在细胞培养中，牛血清虽发挥着关键作用，但偶尔会出现培养基内漂浮 “小黑点” 的问题。遇到这一情况不必惊慌，需通过科学观察和分析明确成因，再采取针对性措施解决。

一、小黑点的初步判断方法

发现培养基中的小黑点后，需通过两步观察初步排查成因：

1、肉眼观察：查看培养基是否出现混浊现象。

2、镜下观察：重点关注细胞生长状态是否正常，以及黑点是否存在游动特征。

1）若培养基迅速变黄、变混浊，且黑点伴随游动，可能是微生物污染（如细菌、支原体污染），此时微生物会大量繁殖并影响细胞存活。

2）若细胞生长状态良好，与黑点出现前无明显差异，则黑点多由非污染因素导致。

二、非污染性小黑点的具体成因

当细胞生长未受影响时，小黑点的形成可能与以下因素相关：

1、细胞生长过老：细胞培养时间过长、密度过高时，会出现衰老死亡，破碎的细胞残骸会形成小黑点。

2、血清质量问题：血清质量不佳或反复冻融，会导致血清中的成分沉淀或变性，形成小黑点。

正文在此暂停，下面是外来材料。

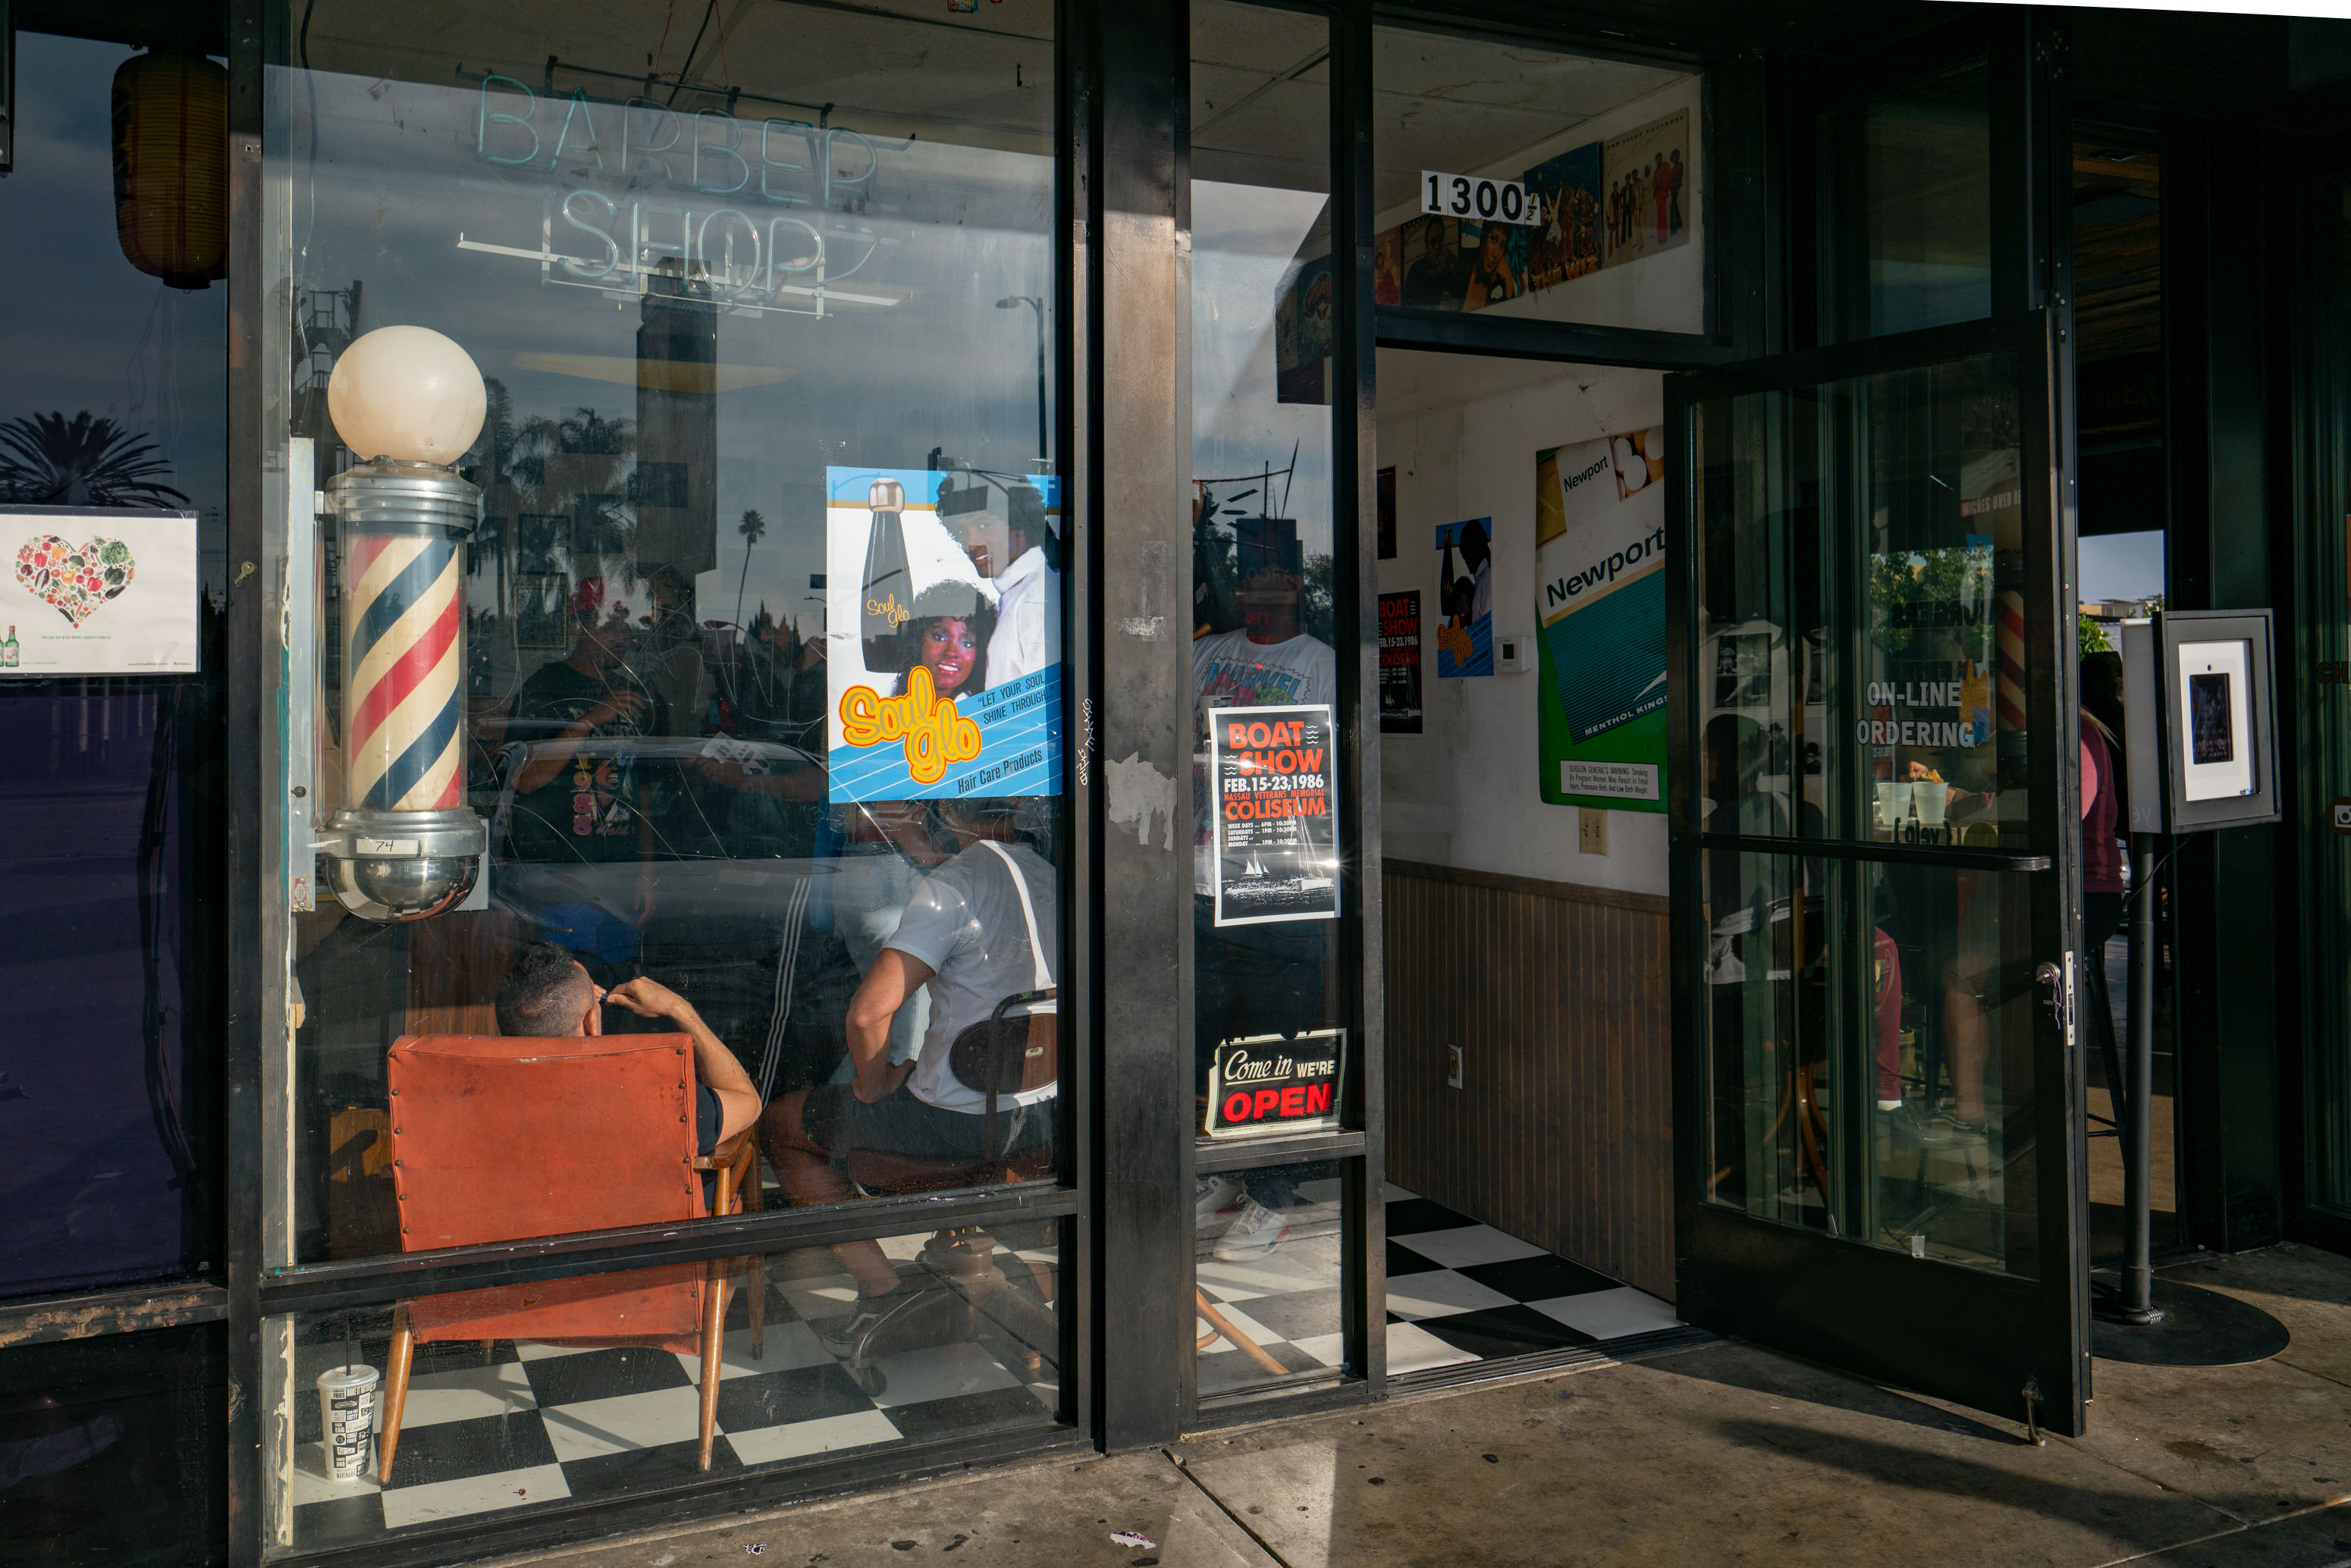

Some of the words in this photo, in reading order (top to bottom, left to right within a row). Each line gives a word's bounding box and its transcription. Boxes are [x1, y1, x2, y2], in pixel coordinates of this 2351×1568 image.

3、培养基 pH 值异常：配制培养基时 pH 值偏高，超出细胞适宜生长范围（通常为 7.0-7.2），可能引发成分析出形成黑点。

4、配制环境问题：

1）水质不合格（如含杂质或污染物）；

2）容器未彻底清洁或消毒，残留杂质进入培养基。此类黑点可通过离心、过滤方法去除。

5.原代细胞特有问题：原代细胞培养中可能出现小黑点，多为原代组织残留的杂质，通过多次传代可逐渐消除。

三、小黑点的预防措施

为减少小黑点的出现，可采取以下防控手段：

1、优化血清保存：尽可能减少血清的冻融次数，避免反复冻融导致成分变性沉淀。

2、调整培养基处理：培养基无需进行 37℃水浴预热，减少温度变化对成分稳定性的影响。

3、严格控制 pH 值：确保培养基的 pH 值维持在最佳范围（7.0-7.2），避免因 pH 异常引发沉淀。

4、规范配制流程：严格把控配制培养基的水质（建议使用超纯水），培养容器需定期彻底刷洗和消毒。

5、合理安排细胞传代：掌握细胞传代的最佳时机，避免细胞生长过老、密度过高，减少细胞残骸的产生。